Activity. Return every record below exactly as written, omitting any pictures.

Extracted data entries
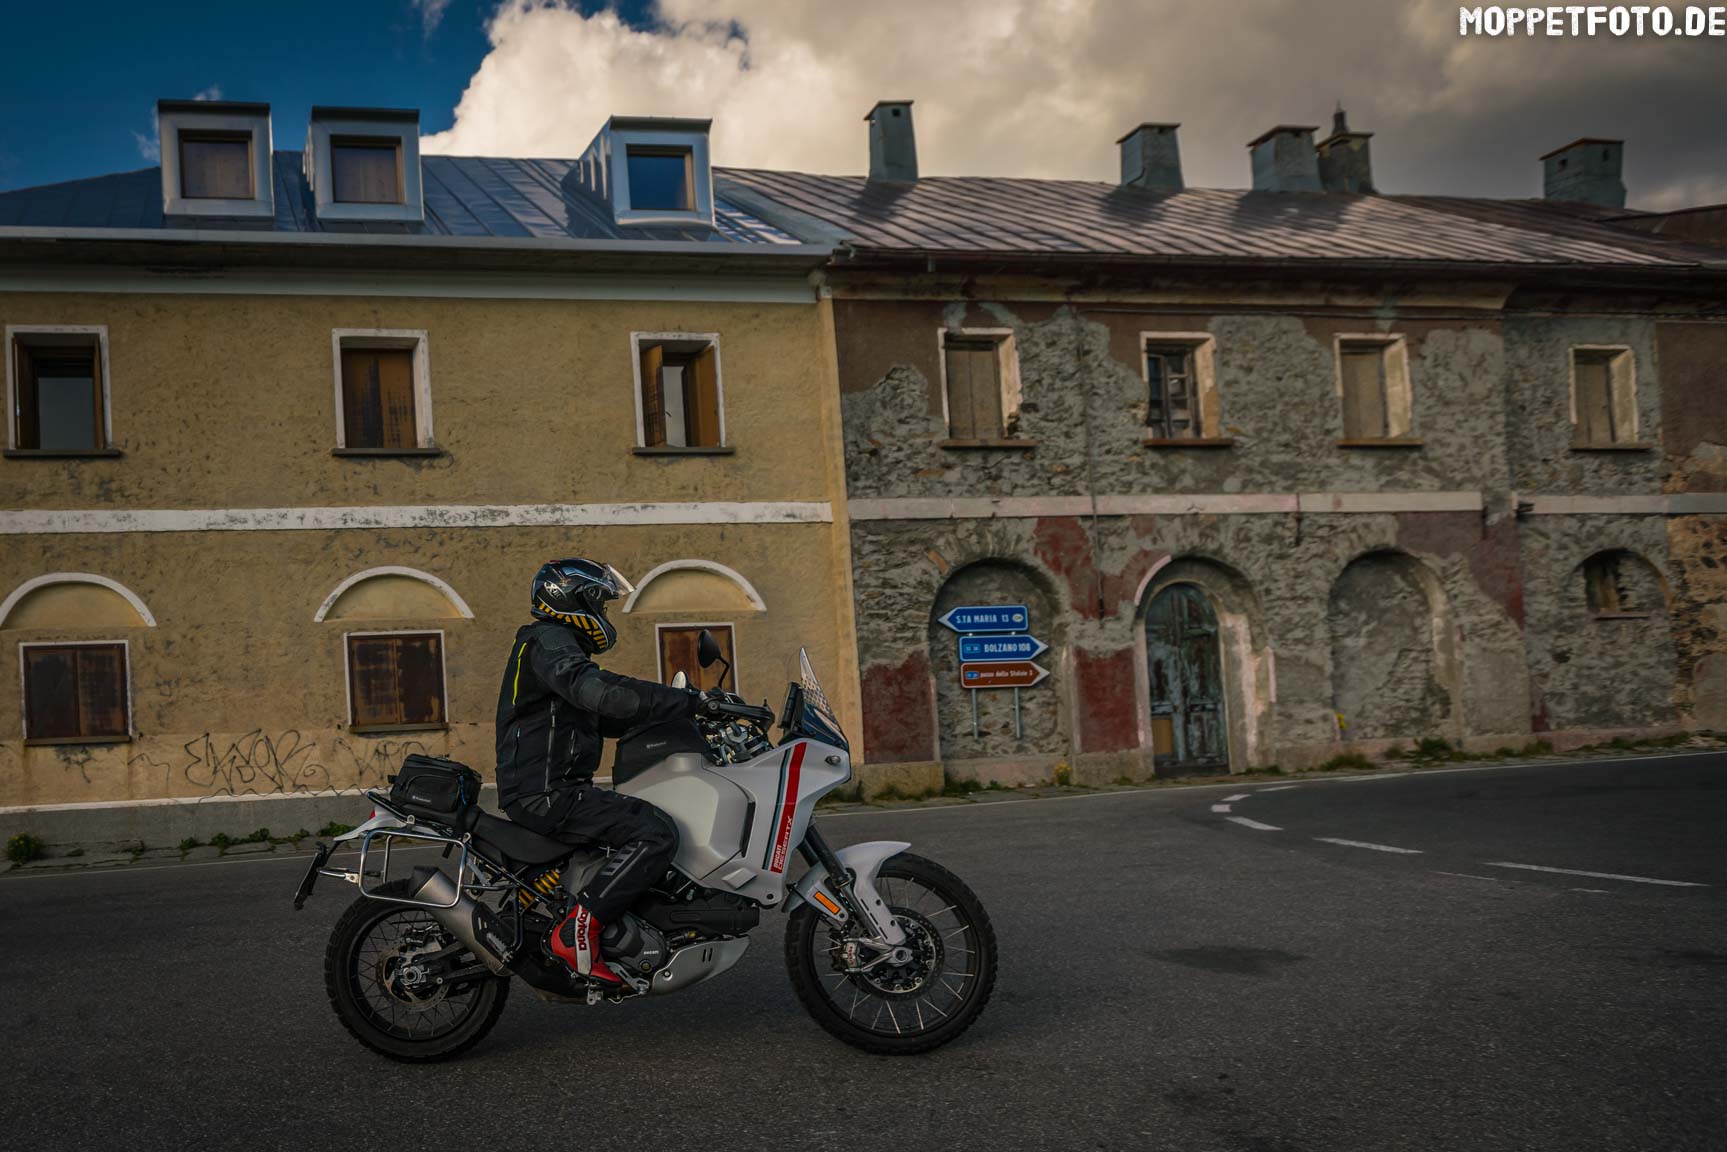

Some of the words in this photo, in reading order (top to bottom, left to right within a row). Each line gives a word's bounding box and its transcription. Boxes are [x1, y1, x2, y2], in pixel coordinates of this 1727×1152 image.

[973, 614, 998, 623] MARIA
[1001, 614, 1010, 623] 13
[984, 643, 1018, 653] BOLZANO
[773, 844, 782, 869] DUCATI
[577, 908, 589, 951] aytona

Answer for this exercise.
Some of the words in this photo, in reading order (top to bottom, left to right within a row). Each line gives a word's bounding box and its transcription. Boxes are [x1, y1, x2, y2], in pixel coordinates of this 1727×1152 image.

[973, 614, 998, 623] MARIA
[1001, 614, 1010, 623] 13
[984, 643, 1018, 653] BOLZANO
[773, 844, 782, 869] DUCATI
[577, 908, 589, 951] aytona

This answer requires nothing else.